To all the student nurses out there, it can feel really daunting, but take the opportunity to find out what you like and stick to that. I think you’ll find in the areas of nursing that you enjoy, you’ll find more motivation to learn and develop.

What do you enjoy most about what I do?

The intricate nature of renal nursing fascinated me from the beginning. The kidneys, with their vital role in maintaining the body's balance and eliminating waste, intrigued me intellectually. I was drawn to the complexity of renal diseases, the intricacies of dialysis procedures, and the innovative techniques used in transplantation. I knew that by pursuing a career in renal nursing, I would have the opportunity to make a tangible impact in improving the quality of life for patients, supporting them through their treatments, and offering compassionate care during their most vulnerable moments.

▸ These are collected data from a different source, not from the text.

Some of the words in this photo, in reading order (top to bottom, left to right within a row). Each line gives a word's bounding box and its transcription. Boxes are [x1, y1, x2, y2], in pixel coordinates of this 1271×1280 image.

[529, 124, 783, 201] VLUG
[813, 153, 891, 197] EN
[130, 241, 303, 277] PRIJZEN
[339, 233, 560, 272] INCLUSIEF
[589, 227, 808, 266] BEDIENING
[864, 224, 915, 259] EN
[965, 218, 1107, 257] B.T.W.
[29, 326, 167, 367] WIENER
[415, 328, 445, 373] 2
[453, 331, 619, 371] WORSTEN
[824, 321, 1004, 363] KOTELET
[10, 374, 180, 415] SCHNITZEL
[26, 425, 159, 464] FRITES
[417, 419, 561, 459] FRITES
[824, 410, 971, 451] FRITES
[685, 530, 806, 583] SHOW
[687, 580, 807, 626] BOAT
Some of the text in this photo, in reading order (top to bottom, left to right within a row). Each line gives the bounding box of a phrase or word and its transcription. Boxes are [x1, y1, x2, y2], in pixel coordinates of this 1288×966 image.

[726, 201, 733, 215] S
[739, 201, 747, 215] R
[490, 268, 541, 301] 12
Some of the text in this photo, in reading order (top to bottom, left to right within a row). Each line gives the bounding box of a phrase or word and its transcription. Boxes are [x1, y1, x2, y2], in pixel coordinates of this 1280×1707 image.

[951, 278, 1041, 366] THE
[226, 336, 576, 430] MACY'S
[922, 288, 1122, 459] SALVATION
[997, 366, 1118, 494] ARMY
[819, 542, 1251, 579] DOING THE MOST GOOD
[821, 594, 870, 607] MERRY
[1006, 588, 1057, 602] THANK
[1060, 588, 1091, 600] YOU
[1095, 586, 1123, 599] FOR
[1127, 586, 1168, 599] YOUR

One of the aspects I truly enjoy about renal nursing is the opportunity to develop deep and meaningful connections with my patients. The nature of chronic kidney disease often requires patients to undergo regular dialysis treatments or even receive kidney transplants, leading to frequent interactions. This consistent presence in their lives allows me to build trust, provide ongoing support, and witness the positive impact of my care over time. It's incredibly rewarding to see my patients' health improve, their spirits uplifted, and their resilience shining through, knowing that I have played a part in their journey towards a better quality of life.

Another aspect of renal nursing that brings me joy is the continuous learning and innovation within the field. Kidney diseases and their treatments are constantly evolving, and as a renal nurse, I have the opportunity to stay updated with the latest advancements. Whether it's learning about cutting-edge dialysis techniques, exploring new medications, or understanding the intricacies of transplantation, I find the dynamic nature of renal nursing to be intellectually stimulating. This constant learning keeps me engaged and motivated, as I strive to provide the best possible care to my patients by incorporating the latest evidence-based practices into my nursing skills and expertise.


Bini, Senior Anaesthetic Nurse in St James Theatres, St George’s University Hospital

What’s your role and how did you get into this type of nursing?

I did my nursing training in India, but in 2005 I started at St George’s, and I’ve been here ever since, for 18 years! I’ve been in my current role for a month, before this I did a course in Anaesthetic nursing that I’ve been wanting to do for a while, so I was really pleased to get the opportunity to take it on.

I went into nursing after completing my A Levels when I was 18, my mum convinced me to do it and I’m so glad she did. On my first day I cried as I had a bad experience, but I’m really proud that I stuck with it.

What does your day-to-day look like?

I get the location of the theatres I’m in, and the first thing I do each morning is check everything is ready and working for the day. I always use our checklist to ensure that I don’t miss anything out. I chat to the Anaesthetist who tells me what each patient needs so I can get everything prepared for them.

What would you say to anyone considering becoming a nurse?

You need to have dedication, be honest, be good at timekeeping, and most importantly be a team player.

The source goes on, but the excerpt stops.